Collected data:
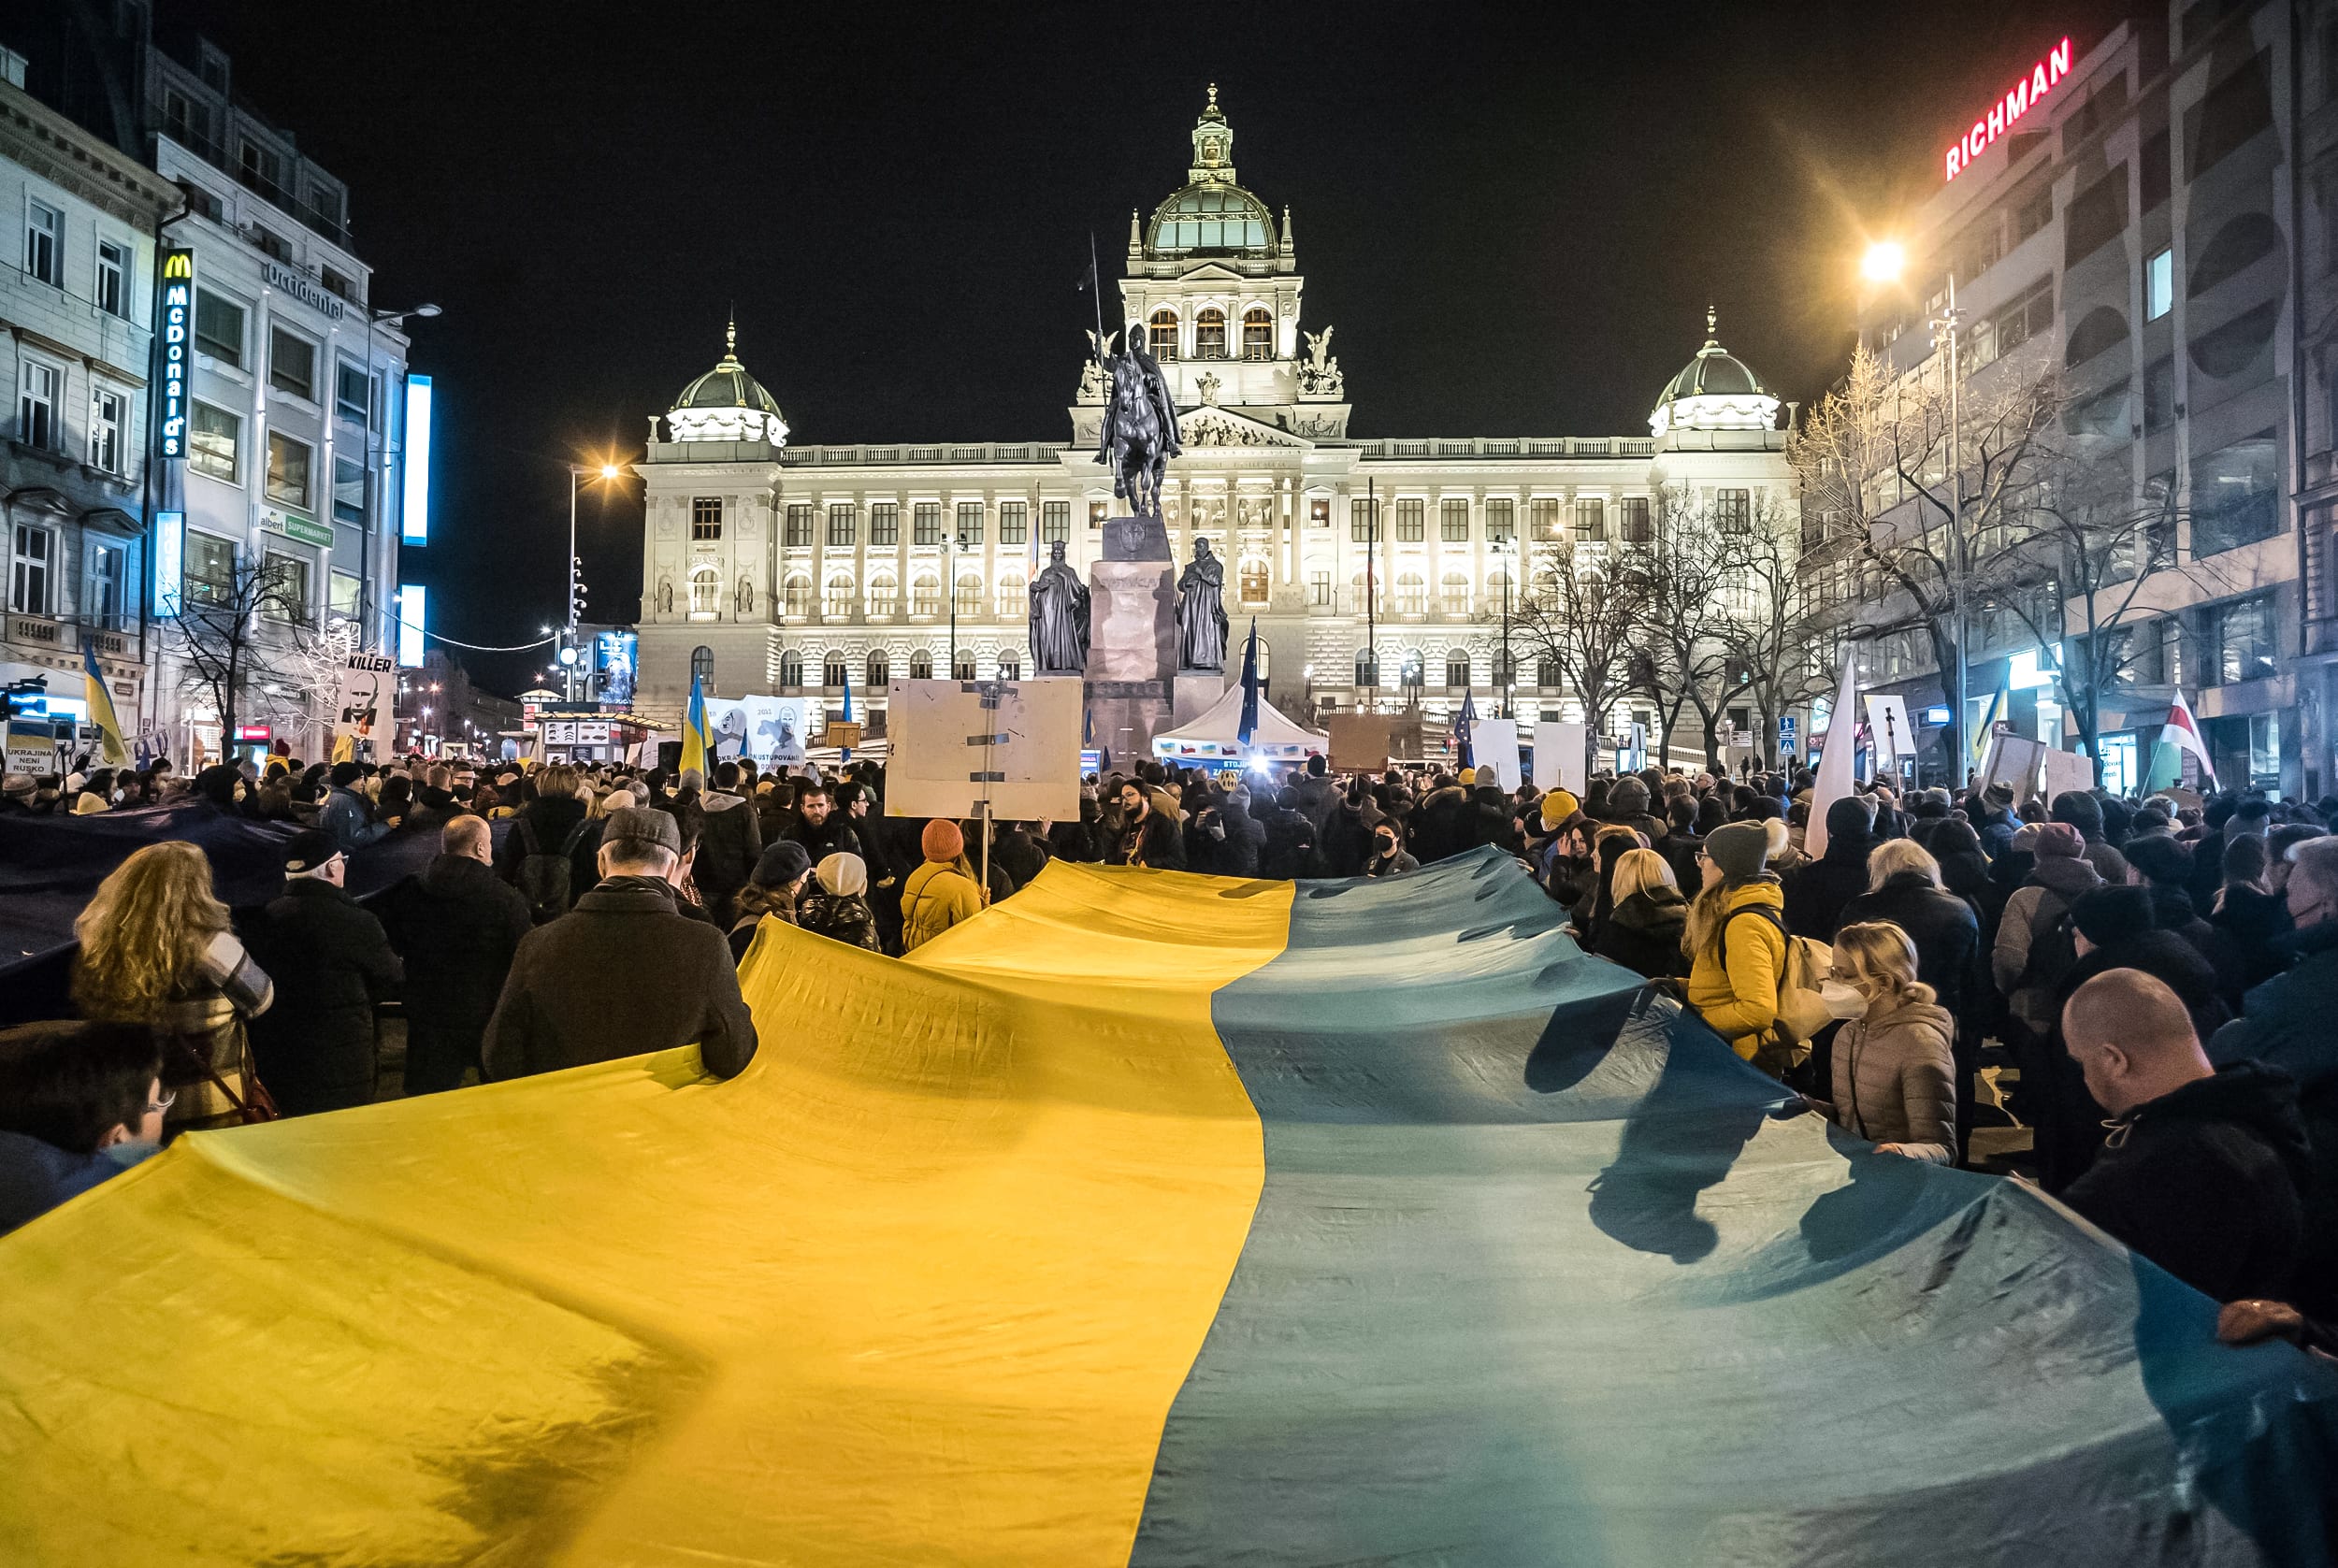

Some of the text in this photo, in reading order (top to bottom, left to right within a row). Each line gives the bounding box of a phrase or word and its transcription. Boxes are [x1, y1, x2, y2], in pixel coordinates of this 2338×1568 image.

[1946, 37, 2070, 181] RICHMAN
[268, 264, 345, 322] Occidental
[163, 285, 188, 455] McDonald's
[260, 516, 331, 542] albert SUPERMARKET
[348, 655, 392, 672] KILLER
[7, 748, 52, 756] UKRAJINA
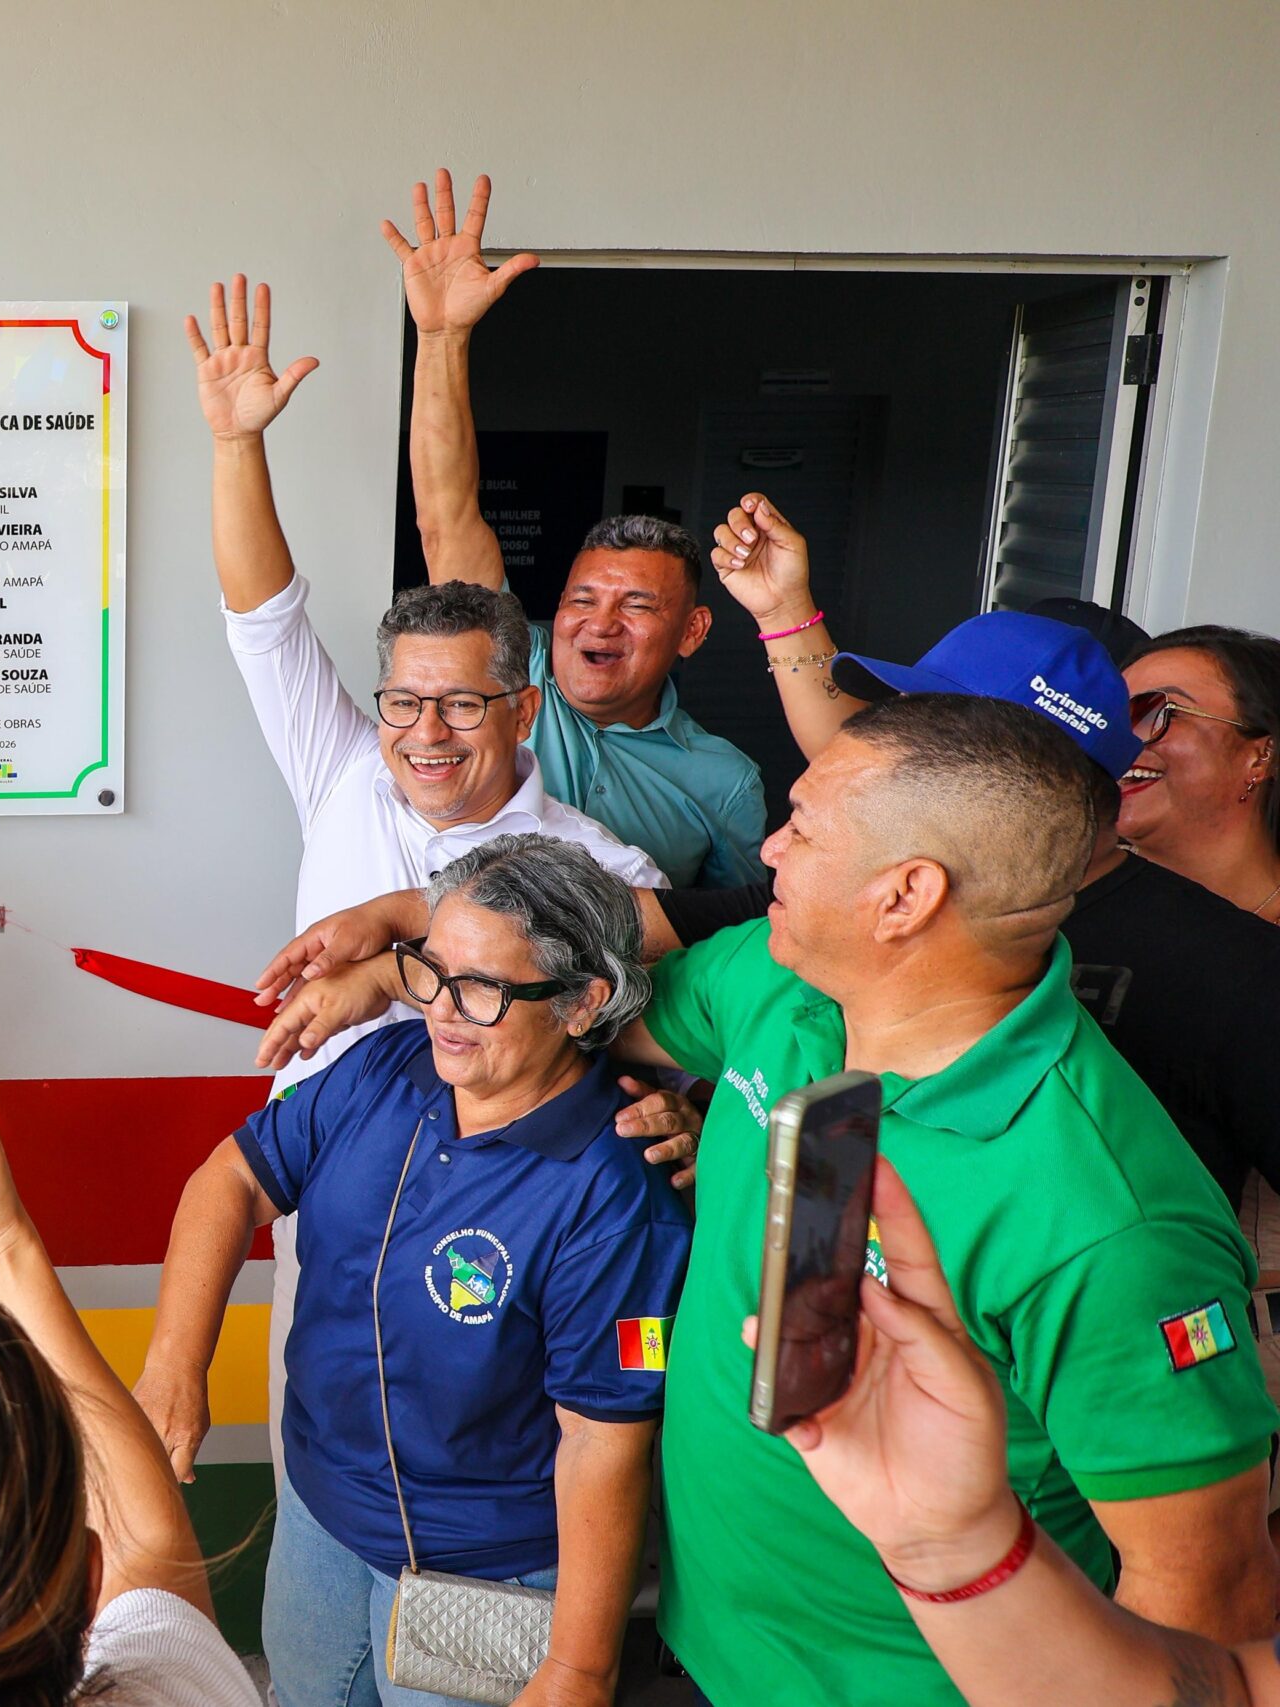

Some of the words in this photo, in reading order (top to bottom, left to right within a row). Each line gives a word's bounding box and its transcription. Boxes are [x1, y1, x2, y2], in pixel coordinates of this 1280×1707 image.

__ABOUT THIS TASK__: Set down the data again, exactly, without images.

__EXERCISE SOLUTION__:
Some of the text in this photo, in reading order (top to bottom, left to right within a row). Each line gives the bounding box of a phrase or word and its transcription. Boxes are [x1, y1, x2, y2], in pixel coordinates of this 2338×1568 image.

[1946, 37, 2070, 181] RICHMAN
[268, 264, 345, 322] Occidental
[163, 285, 188, 455] McDonald's
[260, 516, 331, 542] albert SUPERMARKET
[348, 655, 392, 672] KILLER
[7, 748, 52, 756] UKRAJINA

Some of the words in this photo, in reading order (top to bottom, left to right within a row). Each line gives a word's bounding box and its transcription. Boxes are [x1, y1, x2, y2], in pixel coordinates of this 1280×1707 image.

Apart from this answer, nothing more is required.